TASK INSTRUCTIONS — Restate the data exactly as given and keep the pictures out.

● ● ● ● ● ● ●

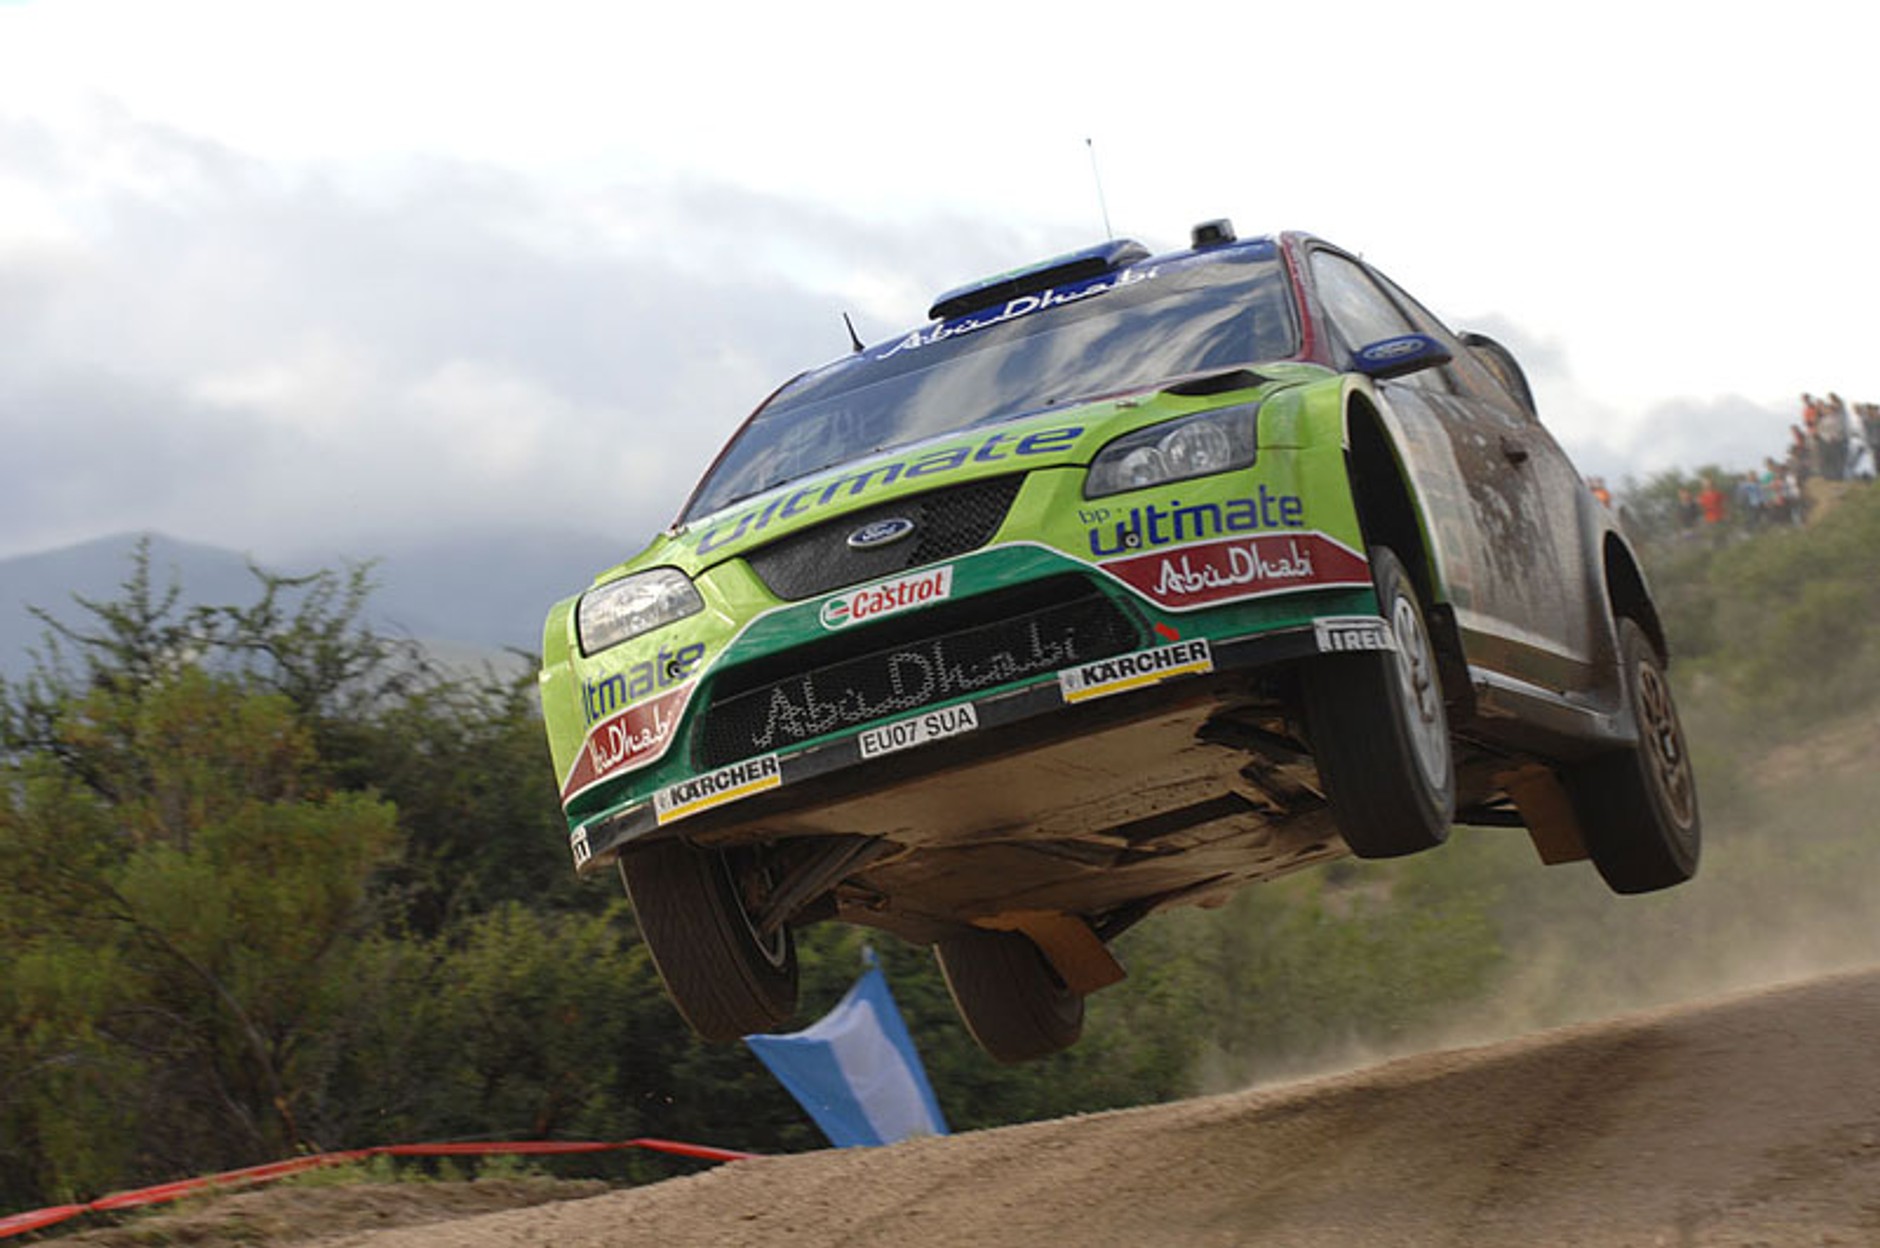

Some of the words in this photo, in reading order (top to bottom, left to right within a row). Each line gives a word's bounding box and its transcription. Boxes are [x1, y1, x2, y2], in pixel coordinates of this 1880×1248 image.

[1000, 266, 1158, 318] Dhabi
[696, 426, 1085, 555] ultimate
[1078, 508, 1111, 525] bp
[1089, 484, 1303, 556] ultimate
[852, 571, 944, 619] Castrol
[1153, 555, 1232, 596] Abu
[1228, 539, 1315, 584] Dhabi
[583, 641, 706, 728] ltimate
[752, 673, 892, 749] Abu
[886, 622, 1080, 708] Dhabi
[862, 721, 917, 755] EU07
[925, 707, 974, 736] SUA
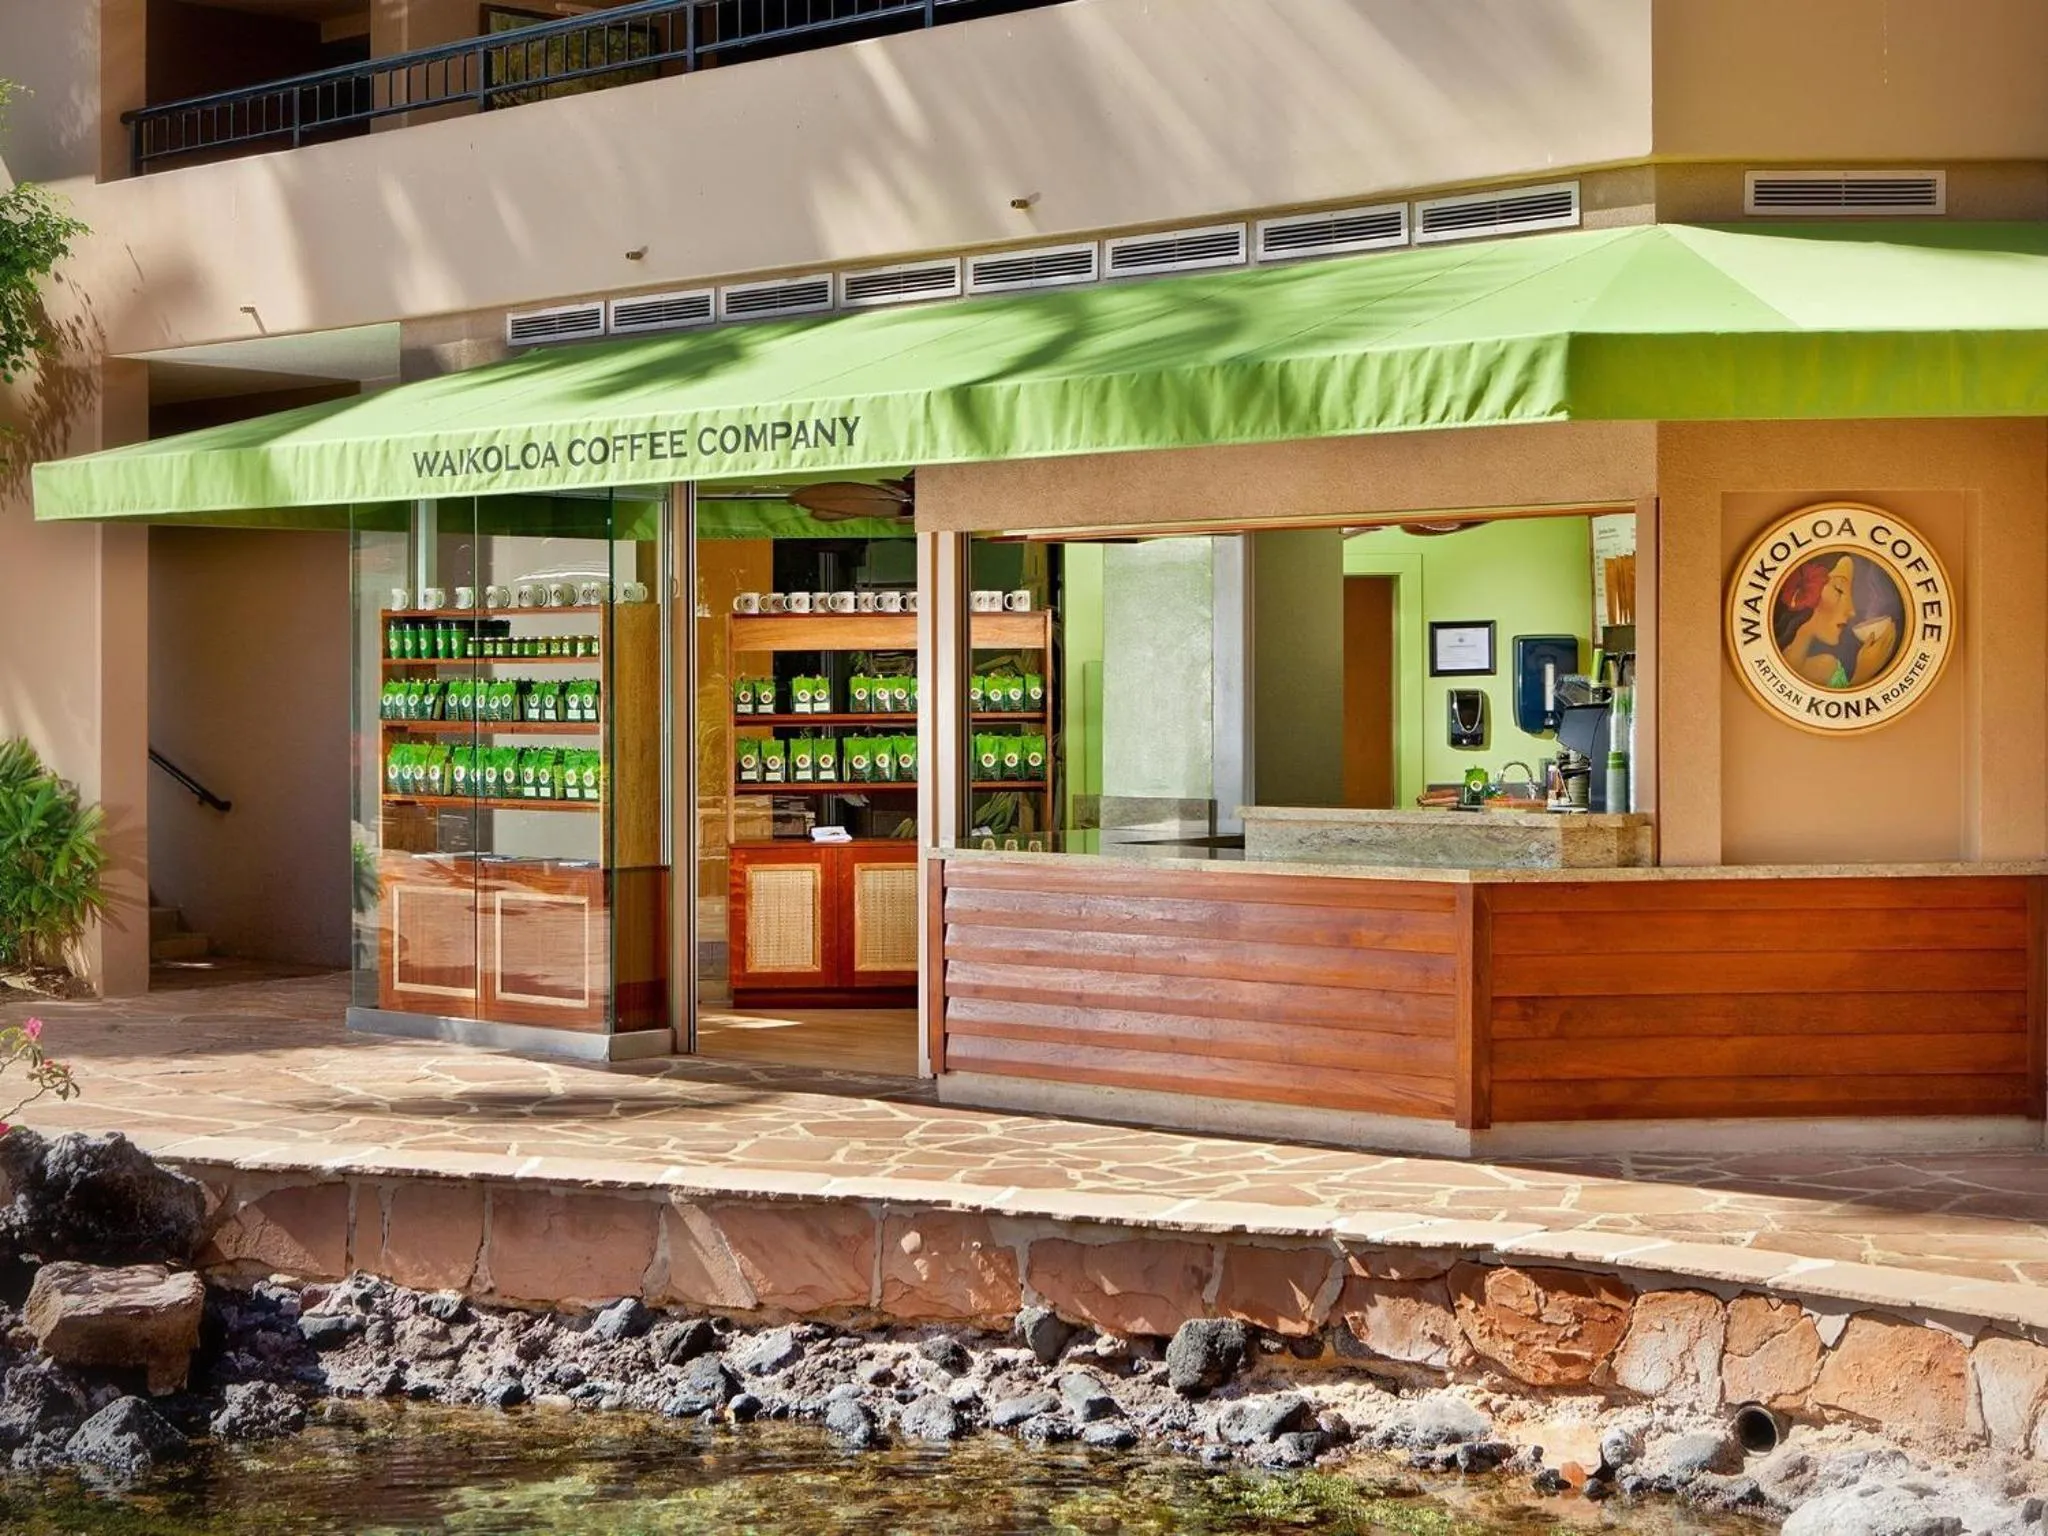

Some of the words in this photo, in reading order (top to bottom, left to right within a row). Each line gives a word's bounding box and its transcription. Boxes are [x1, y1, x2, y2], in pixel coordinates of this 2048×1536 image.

[413, 440, 561, 479] WAIKOLOA
[567, 429, 688, 467] COFFEE
[697, 416, 861, 457] COMPANY
[1740, 518, 1857, 646] WAIKOLOA
[1869, 525, 1943, 643] COFFEE
[1753, 657, 1804, 706] ARTISAN
[1806, 696, 1881, 719] KONA
[1881, 651, 1931, 705] ROASTER
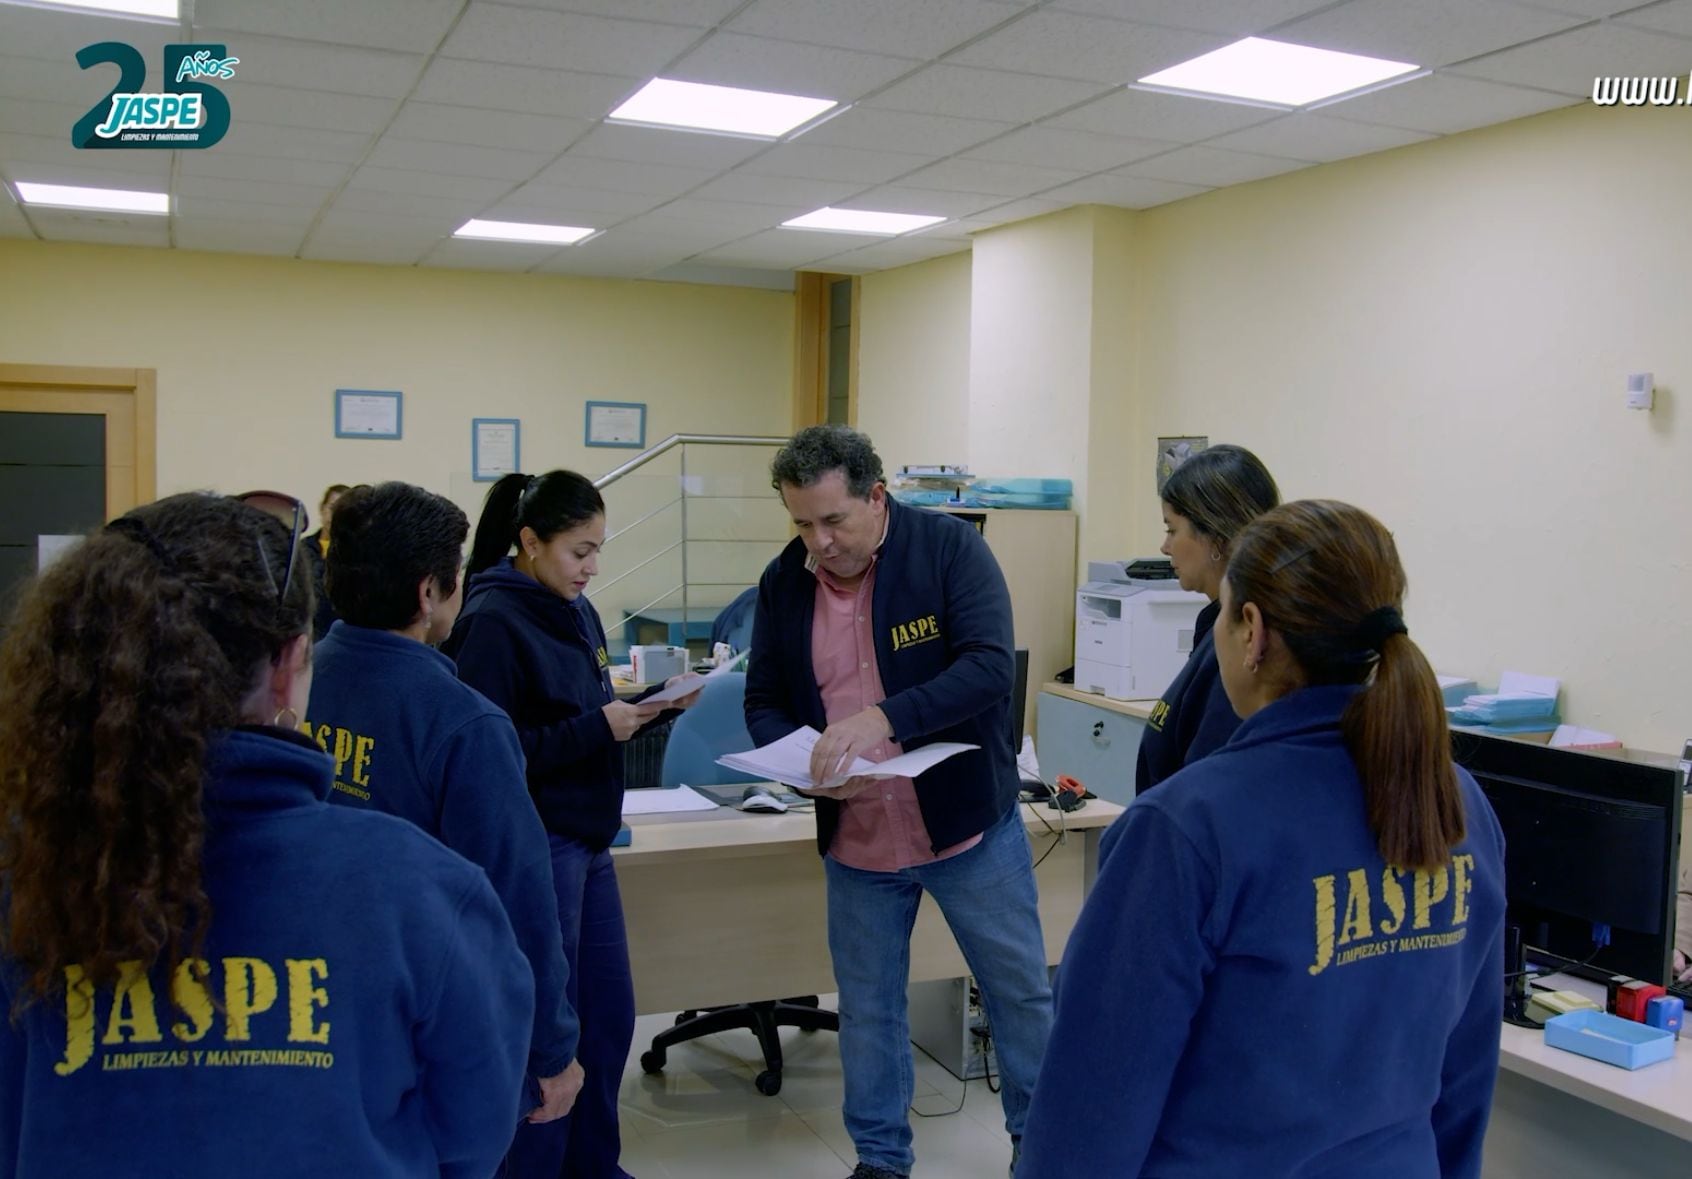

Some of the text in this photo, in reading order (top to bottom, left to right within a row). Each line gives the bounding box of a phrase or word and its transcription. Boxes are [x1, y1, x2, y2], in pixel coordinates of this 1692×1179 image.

● ● ● ● ● ● ●

ANSWER SPACE —
Some of the words in this photo, in reading order (top to bottom, left to right within a row). Each line gives a word's bounding box and its transcription. Boxes are [x1, y1, x2, y2], in pixel coordinates of this 1880×1248 image.

[1000, 266, 1158, 318] Dhabi
[696, 426, 1085, 555] ultimate
[1078, 508, 1111, 525] bp
[1089, 484, 1303, 556] ultimate
[852, 571, 944, 619] Castrol
[1153, 555, 1232, 596] Abu
[1228, 539, 1315, 584] Dhabi
[583, 641, 706, 728] ltimate
[752, 673, 892, 749] Abu
[886, 622, 1080, 708] Dhabi
[862, 721, 917, 755] EU07
[925, 707, 974, 736] SUA

Some of the words in this photo, in reading order (top to bottom, left to right within a row). Each line gives a word's bounding box and its transcription. Boxes are [x1, y1, x2, y2], in pixel coordinates of this 2048×1536 image.

[413, 440, 561, 479] WAIKOLOA
[567, 429, 688, 467] COFFEE
[697, 416, 861, 457] COMPANY
[1740, 518, 1857, 646] WAIKOLOA
[1869, 525, 1943, 643] COFFEE
[1753, 657, 1804, 706] ARTISAN
[1806, 696, 1881, 719] KONA
[1881, 651, 1931, 705] ROASTER

Some of the text in this photo, in reading order (top to bottom, left to right within a row). Each line gives the bounding box of a phrase or word and its transcription. Boxes are [x1, y1, x2, y2], in pixel coordinates of this 1692×1179 image.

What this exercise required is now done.